● **Action item**
Without including any images, please transcribe all the lines below exactly.

Referring expression grounding data
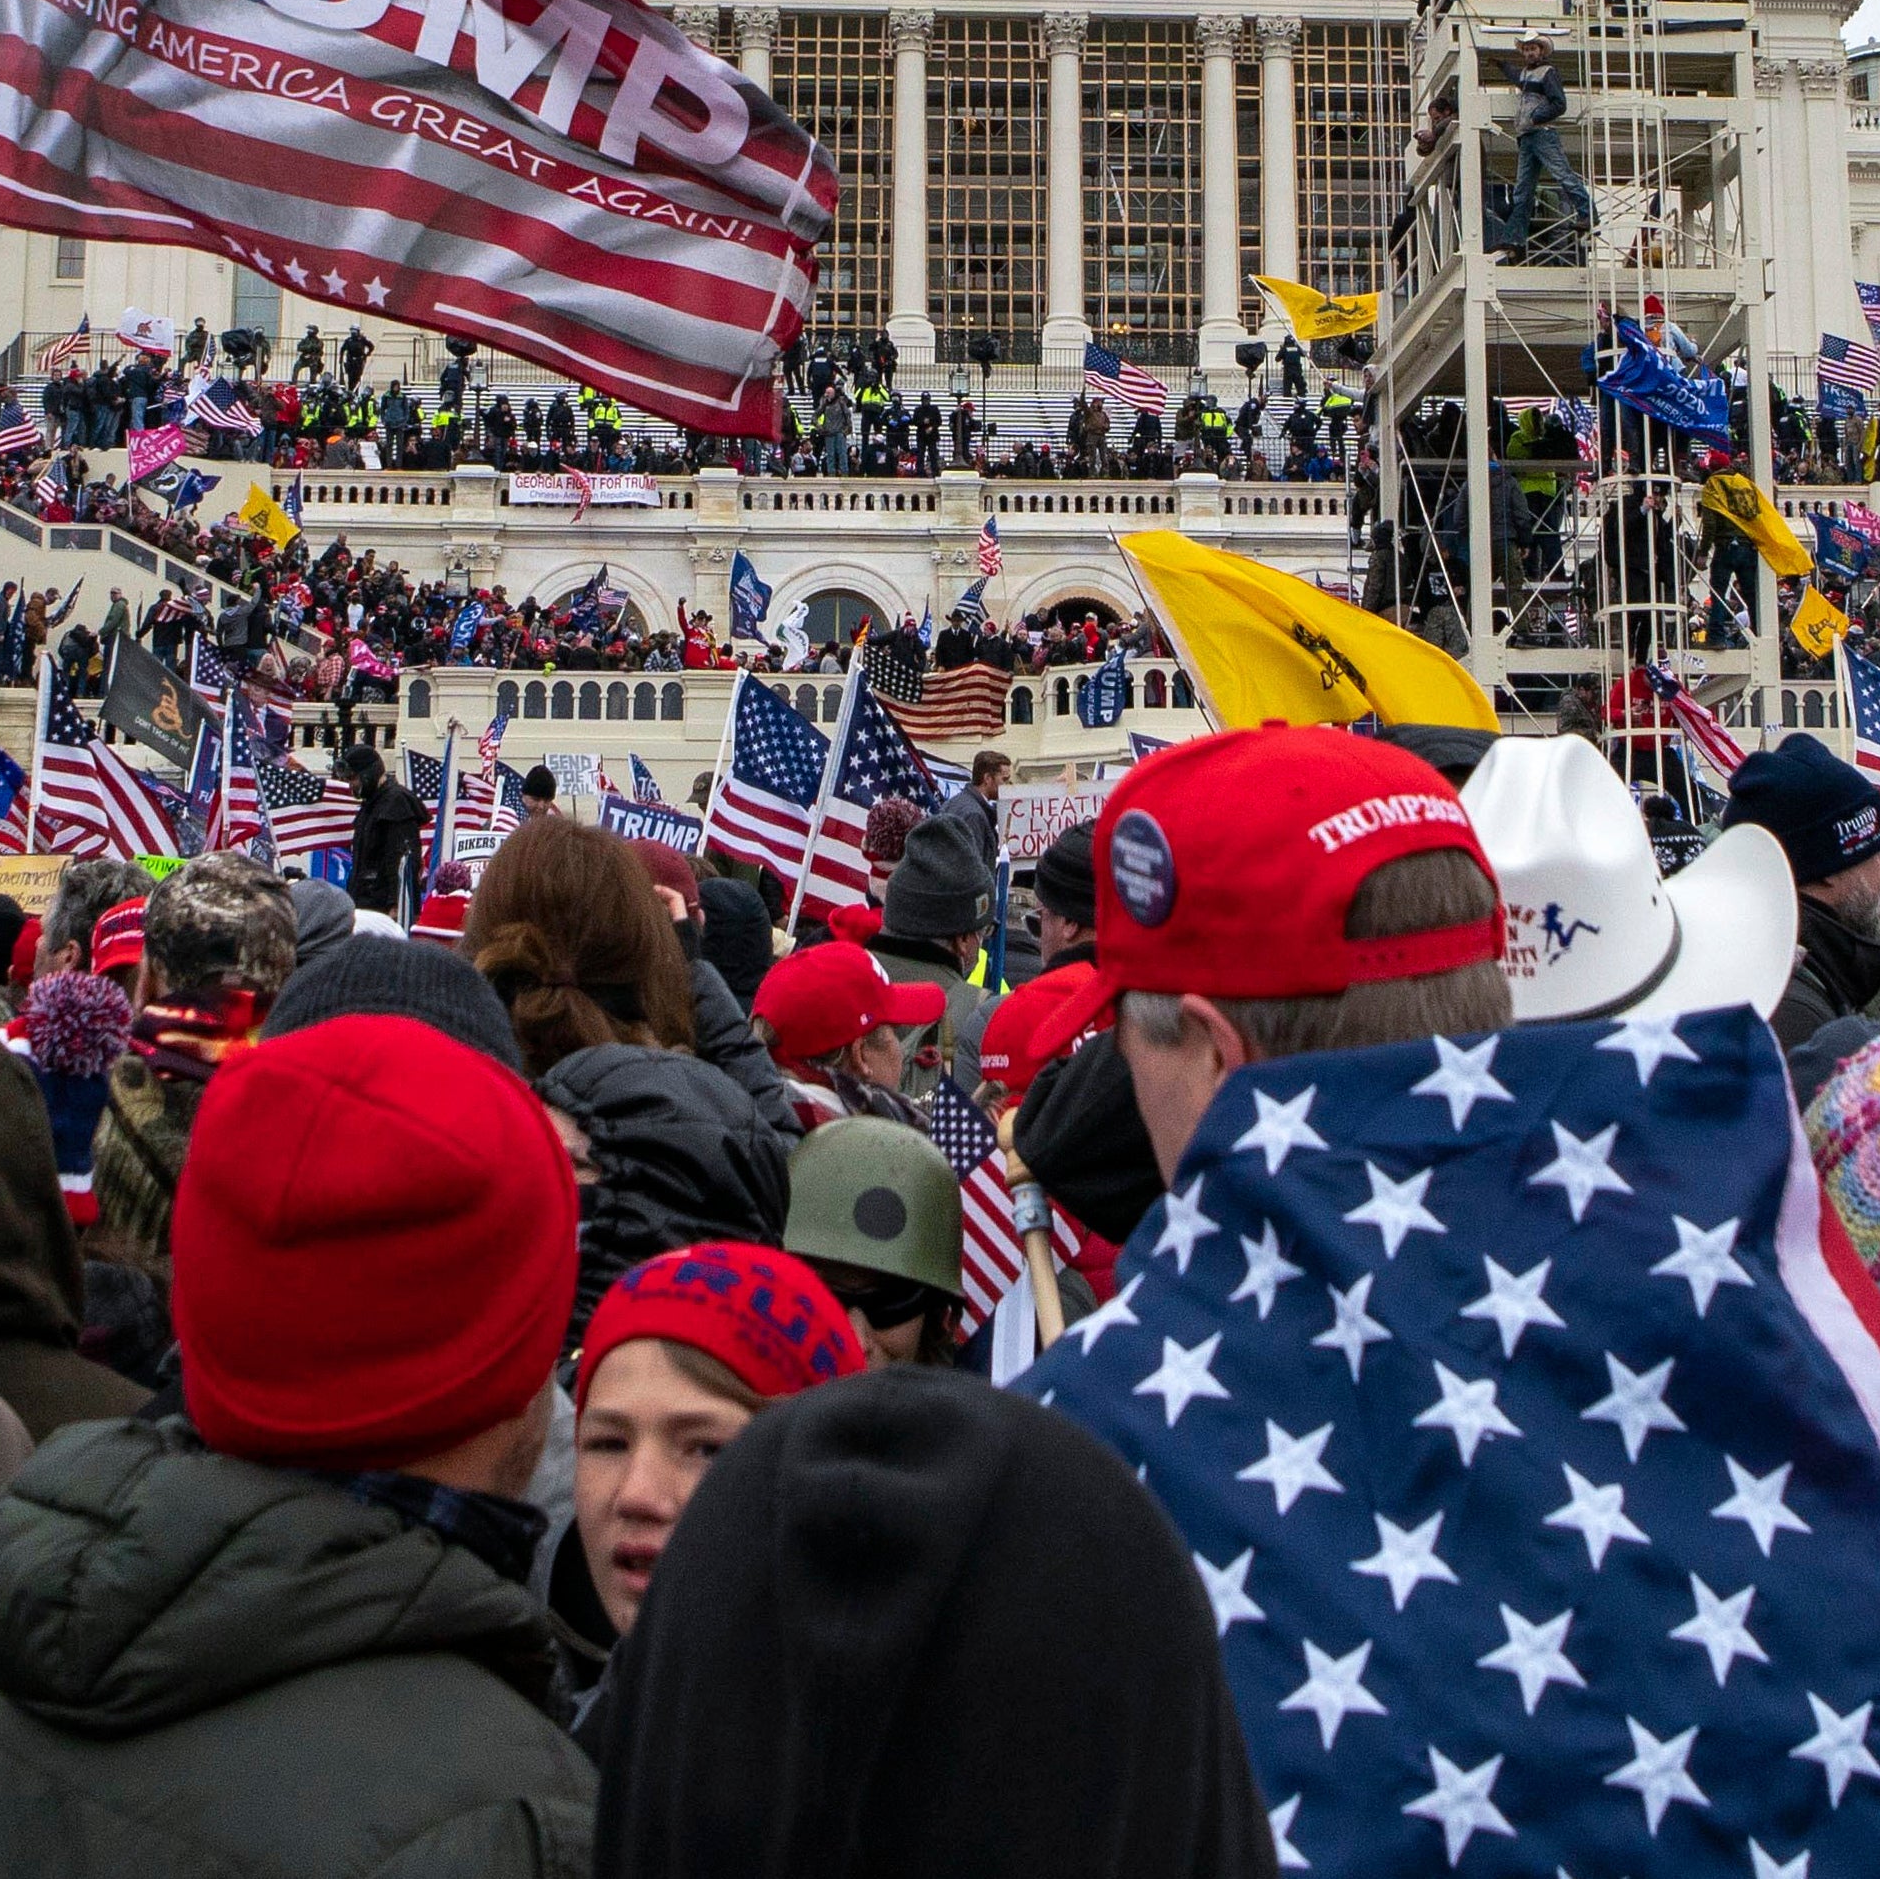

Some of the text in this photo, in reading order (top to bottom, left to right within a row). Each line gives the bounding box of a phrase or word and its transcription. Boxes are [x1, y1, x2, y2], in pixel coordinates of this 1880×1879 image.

[147, 20, 350, 114] AMERICA
[369, 90, 559, 181] GREAT
[566, 173, 756, 245] AGAIN!
[515, 475, 563, 489] GEORGIA
[600, 477, 622, 490] FOR
[549, 754, 593, 770] SEND
[560, 783, 593, 795] JAIL
[1833, 805, 1878, 836] Trump
[608, 808, 702, 853] TRUMP
[457, 836, 497, 853] BIKERS
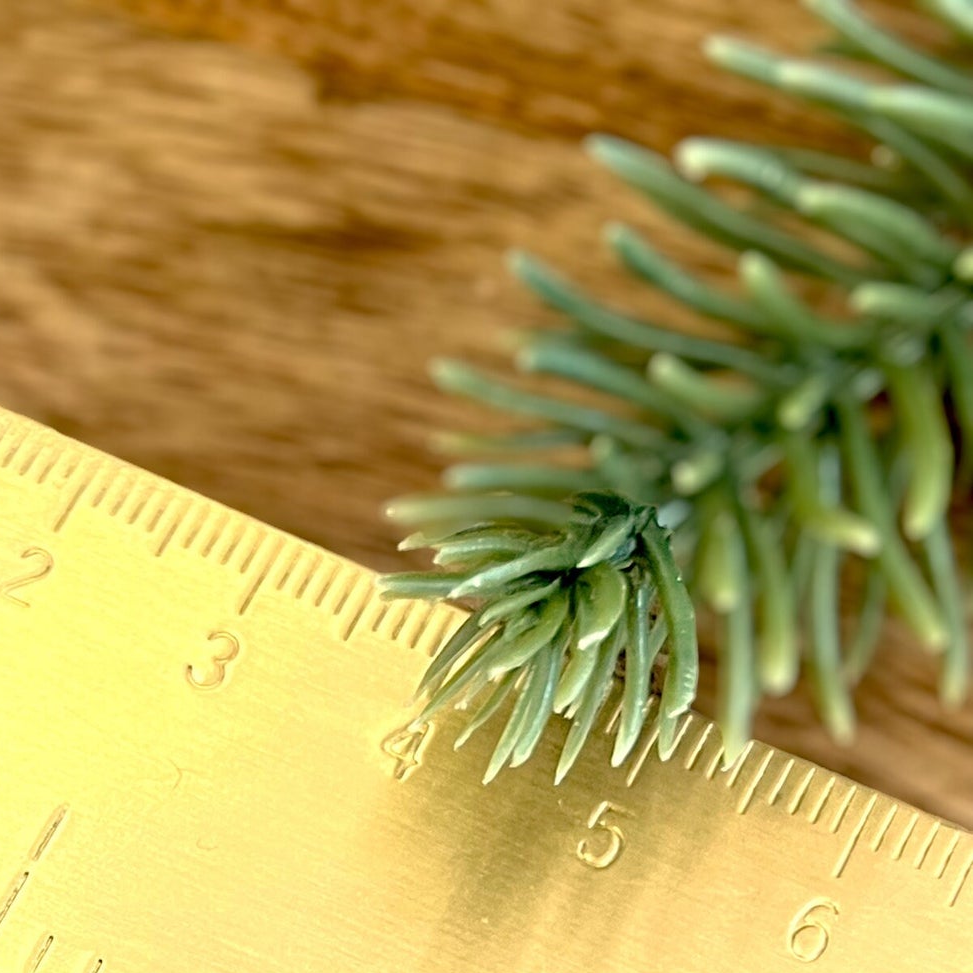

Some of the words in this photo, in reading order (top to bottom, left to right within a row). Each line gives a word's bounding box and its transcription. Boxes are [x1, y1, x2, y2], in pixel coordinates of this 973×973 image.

● **Exercise answer**
Some of the text in this photo, in reading order (top to bottom, left to right within a row). Each line gives the bounding box of a phrase or word and its transcription. Boxes are [x1, y1, x2, y2], in pixel coordinates of this 1880×1879 image.

[147, 20, 350, 114] AMERICA
[369, 90, 559, 181] GREAT
[566, 173, 756, 245] AGAIN!
[515, 475, 563, 489] GEORGIA
[600, 477, 622, 490] FOR
[549, 754, 593, 770] SEND
[560, 783, 593, 795] JAIL
[1833, 805, 1878, 836] Trump
[608, 808, 702, 853] TRUMP
[457, 836, 497, 853] BIKERS

Some of the words in this photo, in reading order (top to bottom, left to right within a row). Each line gives a word's bounding box and its transcription. Boxes are [x1, y1, x2, y2], in pixel coordinates of this 973×973 image.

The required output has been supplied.